After 60 years of performing rock shows and touring the world, McCartney’s eyes have seen more than most.

But not once has he ever needed to get glasses.

Speaking on the latest episode of the podcast Table Manners, hosted by British singer-songwriter Jessie Ware, McCartney talked up the benefits of the ancient practice.

“I learned (it) off some yogi in India,” McCartney said.

“He explained that your eyes are muscles whereas your ears aren’t, so you can’t exercise your ears. But your eyes, you can.”

Yogic eye exercises claim to strengthen and condition the muscles in your eye structure with the aim of improving vision, treating symptoms of dry eye and decreasing eye strain.

So, how does it work?

Eye yoga involves focusing on objects both close at hand and far away.

It also involves moving your eyes from the left, upward, to the right and downward.

Or in the words of McCartney: “So, head still, and then you look up as far as you can, one, two, three, go back to the middle, then down, one, two, three, then back to the middle.

‘‘You do three lots of that, then go to the left and the right. Now you’ve got a cross, up and down, and sideways, now you do the diagonals.

“It’s pretty good stuff. It makes sense, though, doesn’t it? It makes sense if (the eyes) are muscles,” he said.

“I don’t know if it means that that’s why I don’t need glasses when I’m reading a newspaper. It makes sense, you know? It’s a good idea.”

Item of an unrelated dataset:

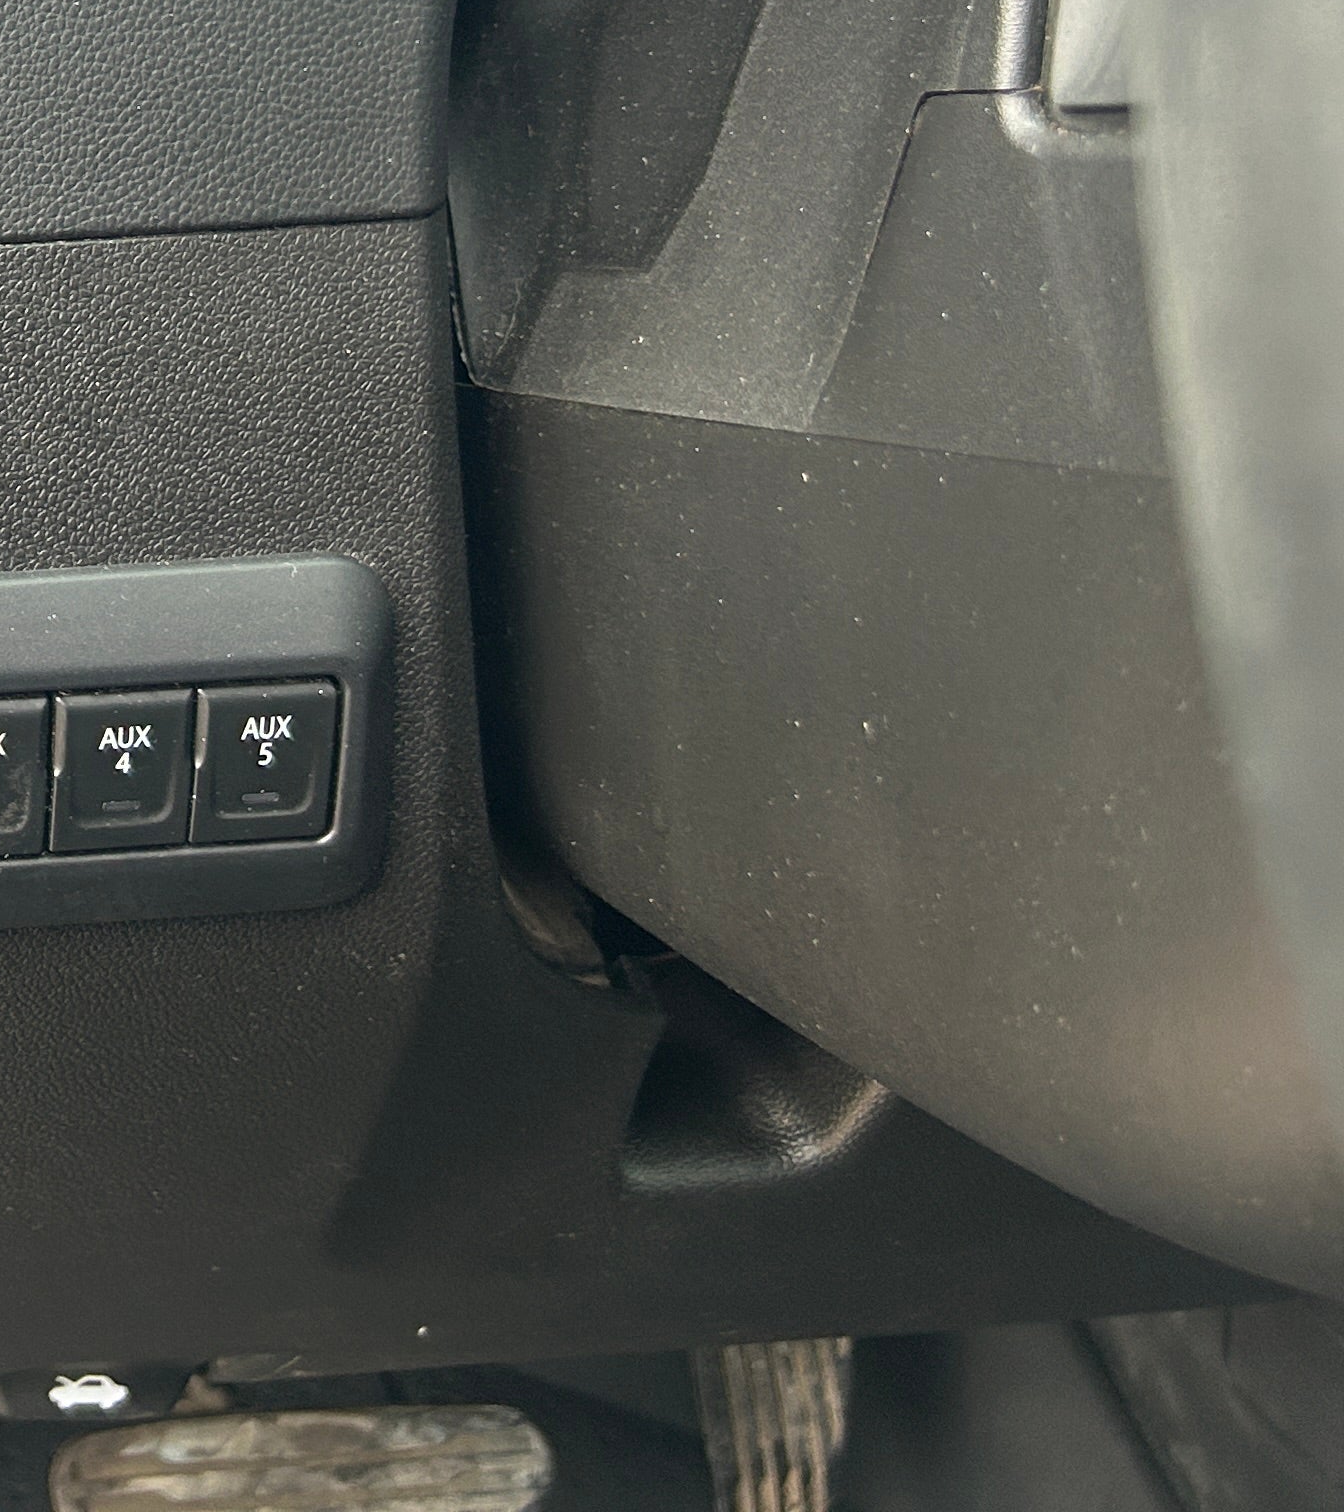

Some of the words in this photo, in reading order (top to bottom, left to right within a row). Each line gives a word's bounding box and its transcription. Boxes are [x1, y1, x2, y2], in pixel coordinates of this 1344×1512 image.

Does it actually work though?

Although eye yoga might help you focus your eyes or relieve strain symptoms, there’s no evidence it can correct a range of medical conditions including astigmatism, nearsightedness, or farsightedness.

Professor Justine Smith, an ophthalmologist at Adelaide’s Flinders University, said eye yoga was “not something I use in the clinical care of my patients”.

“If I had a patient who needed glasses, I don’t consider it an alternative to glasses,” Professor Smith said.

“However, there are a lot of different medical practices. There might be other practitioners that see it differently.”